The term chromosome painting was first used by Pinkel and his group in 1988. They used this term to describe the use of complex mixtures of DNA sequences to visualise chromosome after in situ hybridization. Later a decade ago, the current technique of chromosome painting was developed independently by research teams at Lawrence National Laboratories and at Yale University. Both these groups used the cloned DNA libraries derived from flow-sorted human chromosomes.
Staining techniques like G-banding can detect large changes in chromosomes like large deletions, insertions or translocations. But they cannot detect small aberrations. Small aberrations are critical and are the cause of cancer development and progression. Sensitive mapping of chromosome aberrations across genome can be helpful in dealing small aberrations.
With the help of FISH (Florescent In Situ Hybridization) technique, individual genes or sets of repeated sequences in an intact chromosome can be detected. Later it was realized that FISH can also be used on whole genome at once. This variation of FISH technique was named as Chromosome painting. Here fluorescent dye bound DNA probe binds all along a specific chromosome.
The major drawback of FISH and chromosome painting was that, they cannot be used to study all chromosomes at the same time because there are no enough florescent dyes with sufficient color differences to mark all the 23 chromosomes of humans in a unique color. This issue was solved in 1996 by labeling painting probes for each chromosome with a different assortment of fluorescent dye called fluorochrome. The synchronized hybridization of multiple chromosome painting probes, each tagged with a specific light-emitting fluorochrome is called spectral karyotyping. When florescent probes hybridise to a chromosome, each kind of chromosome is labelled with a different variety of florescent dye combinations.
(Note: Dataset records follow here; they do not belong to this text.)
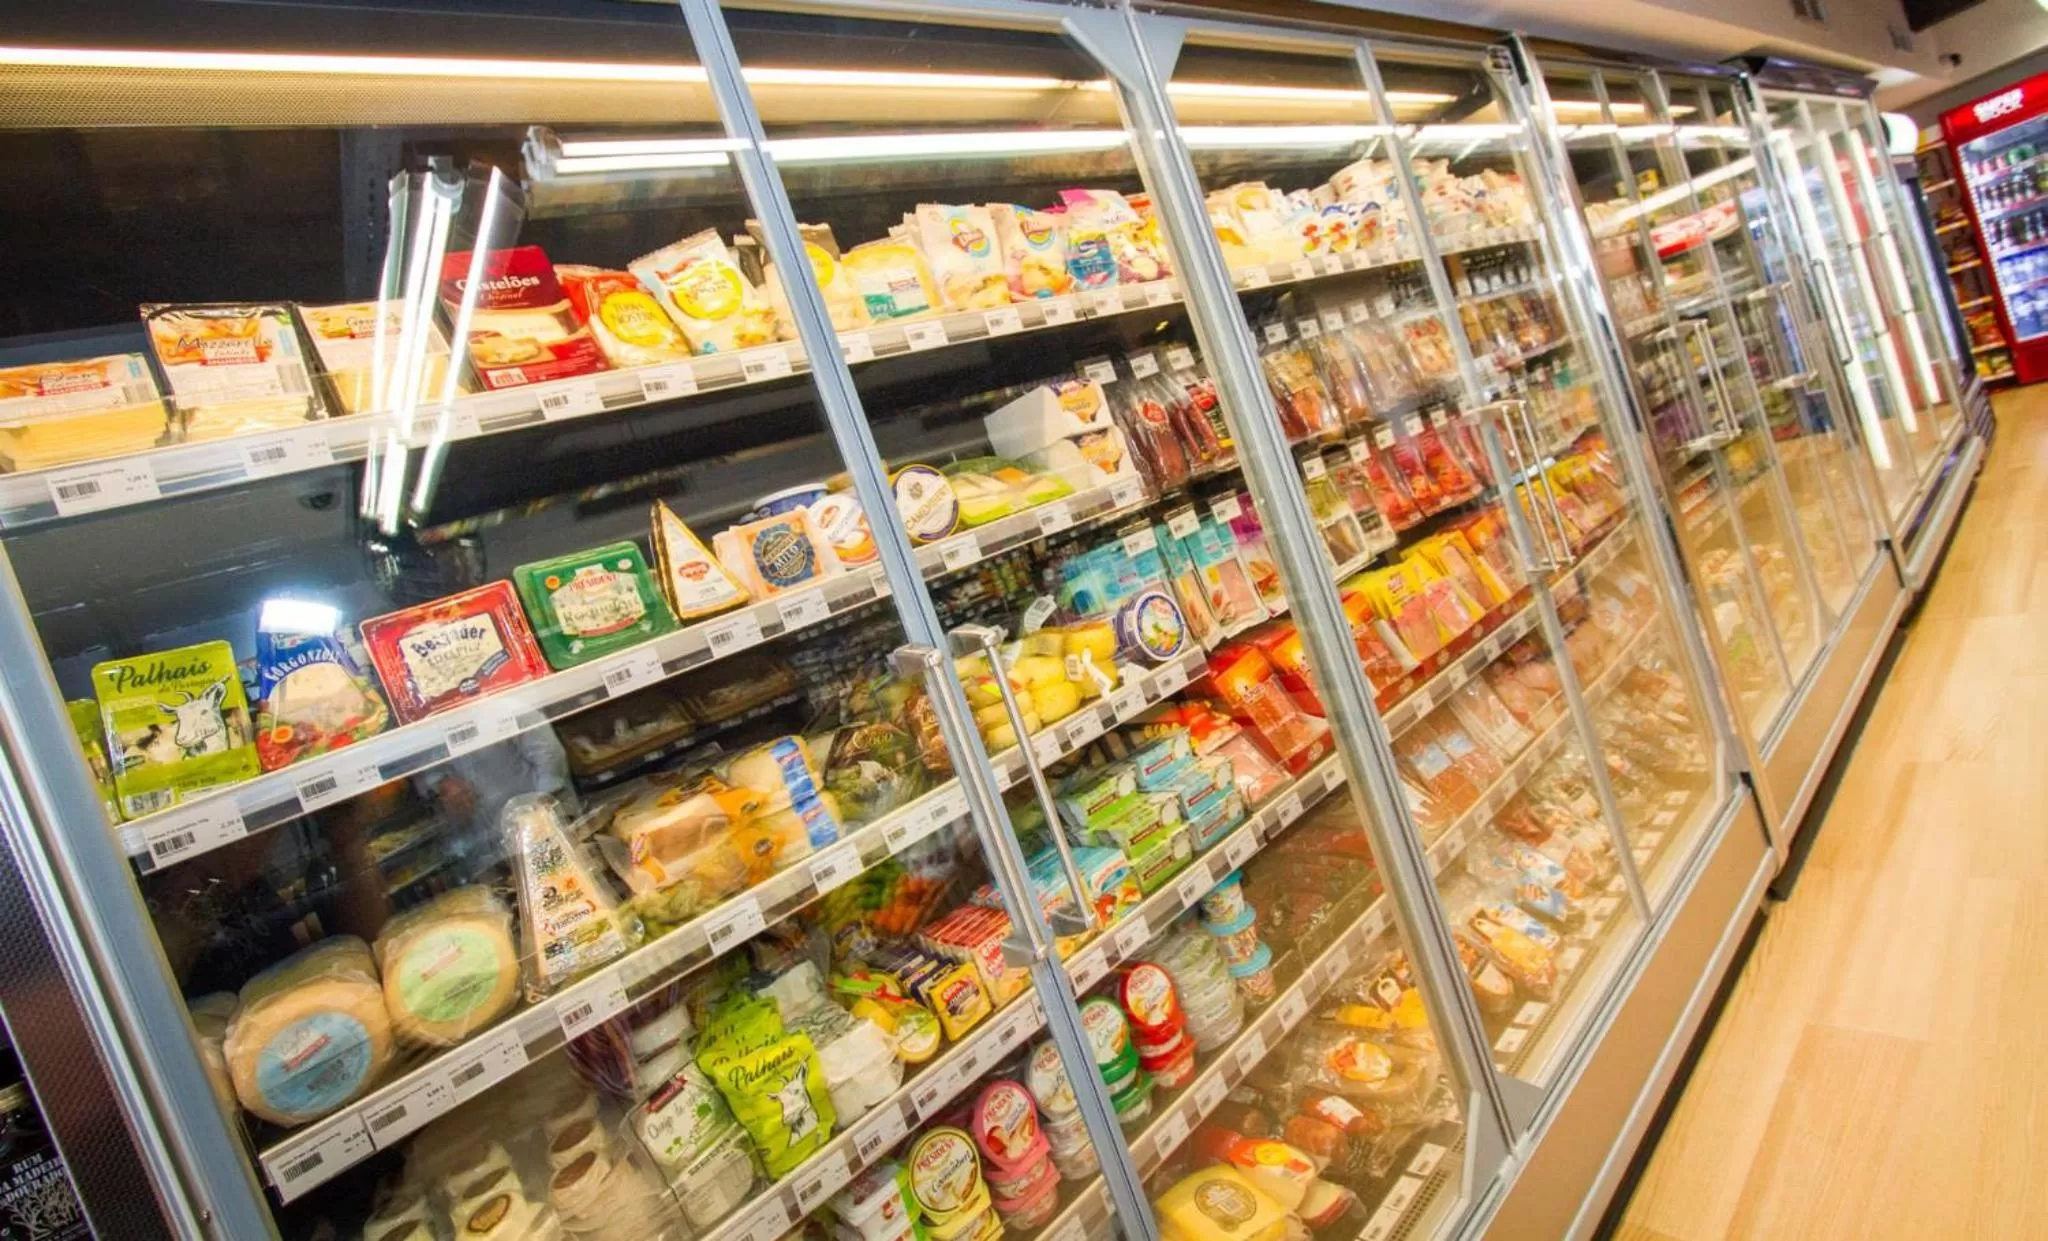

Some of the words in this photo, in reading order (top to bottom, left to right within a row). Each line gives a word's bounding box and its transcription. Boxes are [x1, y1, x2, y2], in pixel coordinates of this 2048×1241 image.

[456, 274, 541, 292] Cstelões
[109, 656, 212, 694] Palhais
[264, 646, 341, 683] GORGONZO
[728, 1046, 795, 1091] Palhais
[13, 1153, 44, 1175] RUM
Using these competitive hybridisation techniques, whole chromosomes can be visualised in metaphase spreads and interphase nuclei. Homologies between the chromosomes of different species can be detected by chromosome painting.
Chromosome painting method is actually a modification of Fluorescence In-Situ Hybridization (FISH) and is also called Zoo-FISH. Human chromosome-6 consists of hundreds of genes in major histocompatibility complex (MHC). With the help of chromosome painting researchers proved that large segments of human chromosome-6 have their homologous genes in,
With this technique, we can also visualise chromosome aberrations if any by using fluorescently labeled DNA probes. These labeled probes hybridize to chromosomal DNA. Even multiple fluorochromes can be attached to the probes. Upon hybridization, this produces a multicolor painted effect with a unique color at each site of hybridization. We can also detect cross-species homology by labeling probes from one species for hybridization with chromosomes from another species.
Probes used in chromosome painting
Day by day with the progress in technology, chromosome painting probes are also available for huge number of species. Chromosome painting probes for mouse and rat are most common and are very helpful as animal models to analyse human diseases.
Chromosome painting helps in visualization of individual chromosomes in metaphase or interphase stages. With the help of this technique we can identify both numerical and structural chromosomal aberrations with high sensitivity and specificity. As already mentioned, the synchronized hybridization of multiple chromosome painting probes, each tagged with a specific light-emitting fluorochrome is called colour or spectral karyotyping. It helps in differential colour display of human and mouse chromosomes.
Chromosome painting is also called M-FISH or multicolour FISH because modified fluorescent in situ hybridization (FISH) has been used to detect the location of specific genomic targets using probes that are labelled with specific fluorochromes. This technique allows detection of simple and complex chromosomal rearrangements.